┌──
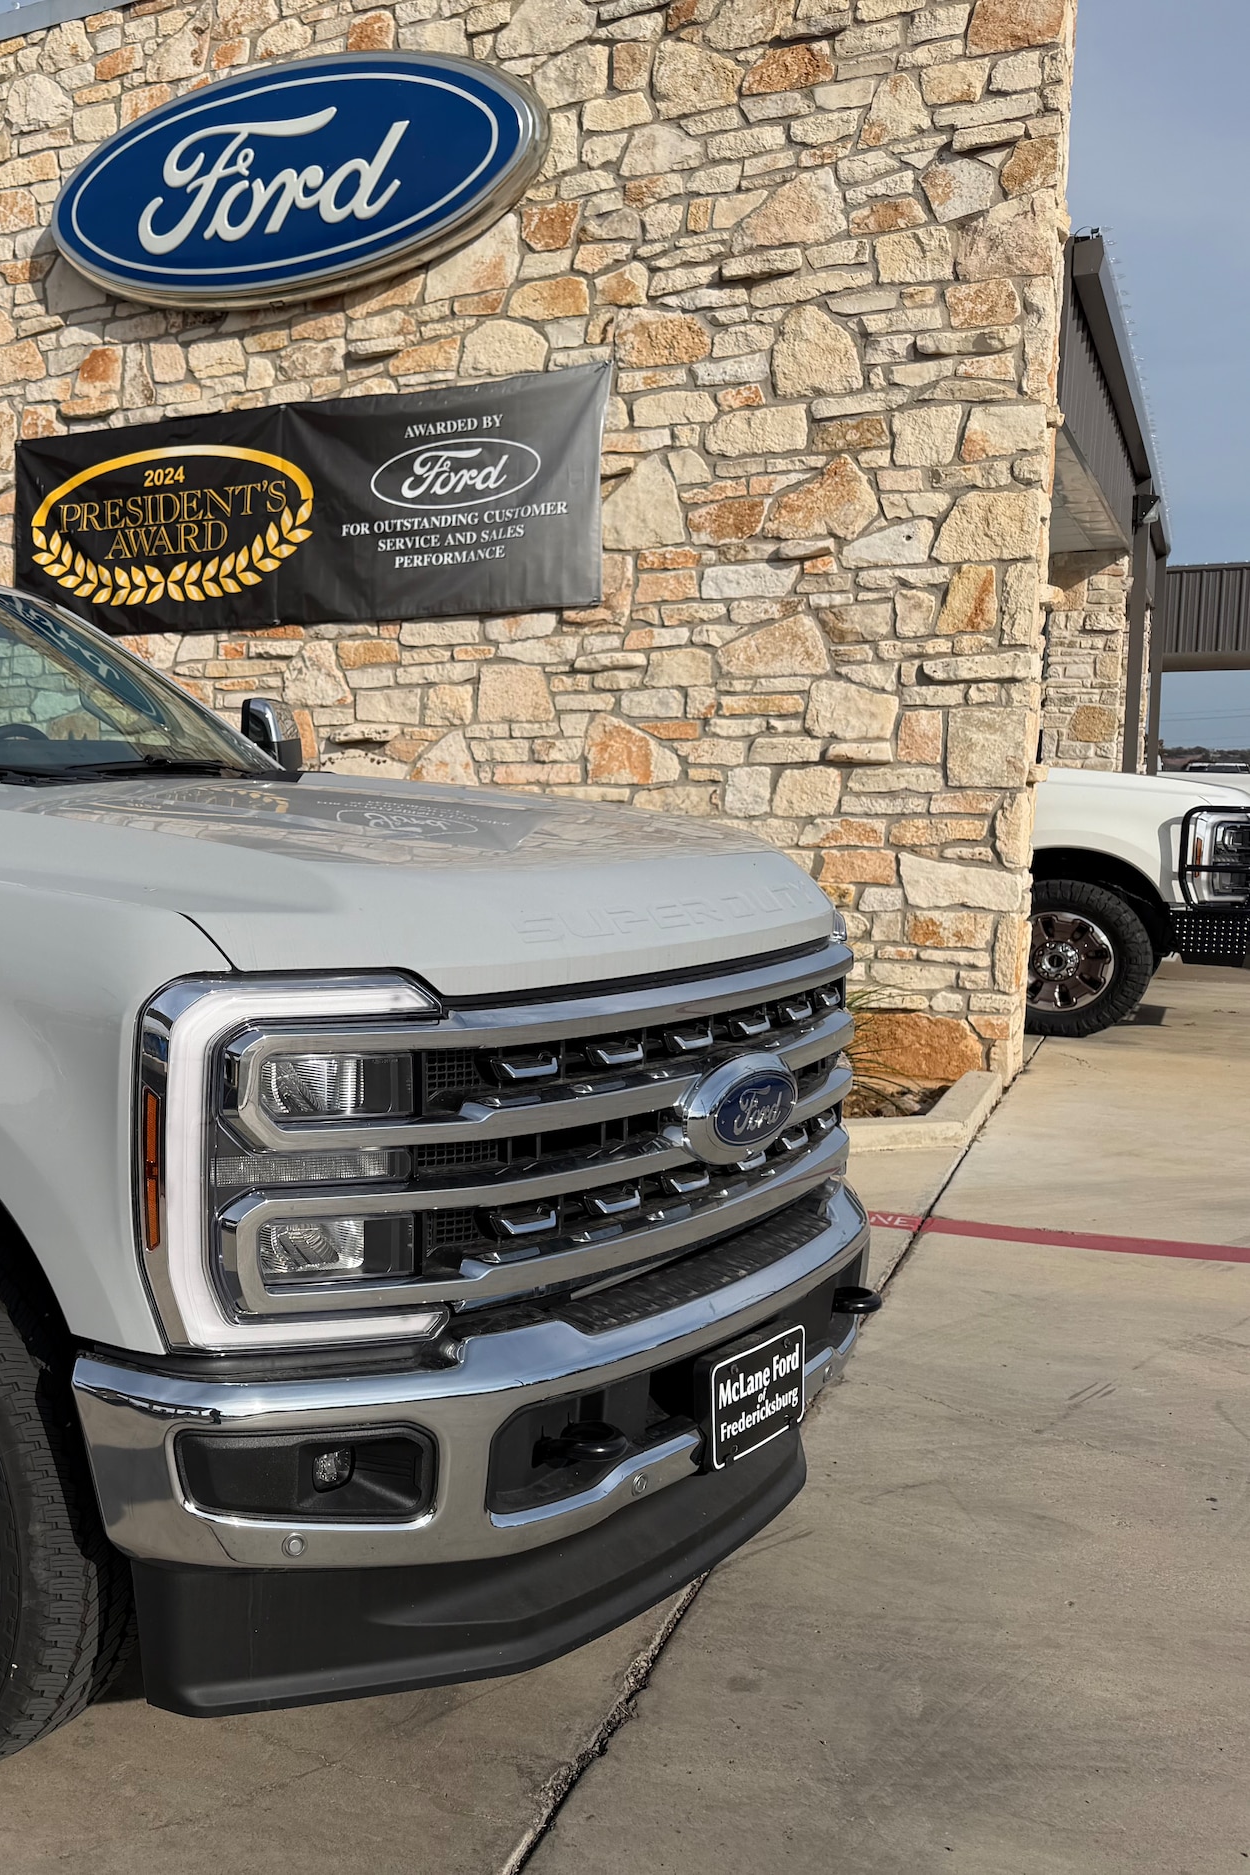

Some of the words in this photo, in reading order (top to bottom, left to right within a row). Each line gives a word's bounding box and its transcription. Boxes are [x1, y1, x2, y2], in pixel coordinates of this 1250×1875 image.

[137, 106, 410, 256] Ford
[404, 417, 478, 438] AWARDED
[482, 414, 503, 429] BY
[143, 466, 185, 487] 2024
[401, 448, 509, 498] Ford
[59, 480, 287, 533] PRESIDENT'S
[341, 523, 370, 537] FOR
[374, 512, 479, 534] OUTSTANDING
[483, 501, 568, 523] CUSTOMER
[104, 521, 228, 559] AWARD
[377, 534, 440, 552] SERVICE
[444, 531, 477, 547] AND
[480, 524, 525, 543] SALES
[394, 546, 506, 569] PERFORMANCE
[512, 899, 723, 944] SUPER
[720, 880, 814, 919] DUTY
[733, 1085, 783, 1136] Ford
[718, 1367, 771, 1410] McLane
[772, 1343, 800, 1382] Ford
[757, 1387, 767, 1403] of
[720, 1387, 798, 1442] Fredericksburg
└──
What you should do: Repeat the listing word for word, and skip every picture it contains.

Reply:
Some of the words in this photo, in reading order (top to bottom, left to right within a row). Each line gives a word's bounding box and its transcription. Boxes are [x1, y1, x2, y2], in pixel coordinates of this 1250×1875 image.

[137, 106, 410, 256] Ford
[404, 417, 478, 438] AWARDED
[482, 414, 503, 429] BY
[143, 466, 185, 487] 2024
[401, 448, 509, 498] Ford
[59, 480, 287, 533] PRESIDENT'S
[341, 523, 370, 537] FOR
[374, 512, 479, 534] OUTSTANDING
[483, 501, 568, 523] CUSTOMER
[104, 521, 228, 559] AWARD
[377, 534, 440, 552] SERVICE
[444, 531, 477, 547] AND
[480, 524, 525, 543] SALES
[394, 546, 506, 569] PERFORMANCE
[512, 899, 723, 944] SUPER
[720, 880, 814, 919] DUTY
[733, 1085, 783, 1136] Ford
[718, 1367, 771, 1410] McLane
[772, 1343, 800, 1382] Ford
[757, 1387, 767, 1403] of
[720, 1387, 798, 1442] Fredericksburg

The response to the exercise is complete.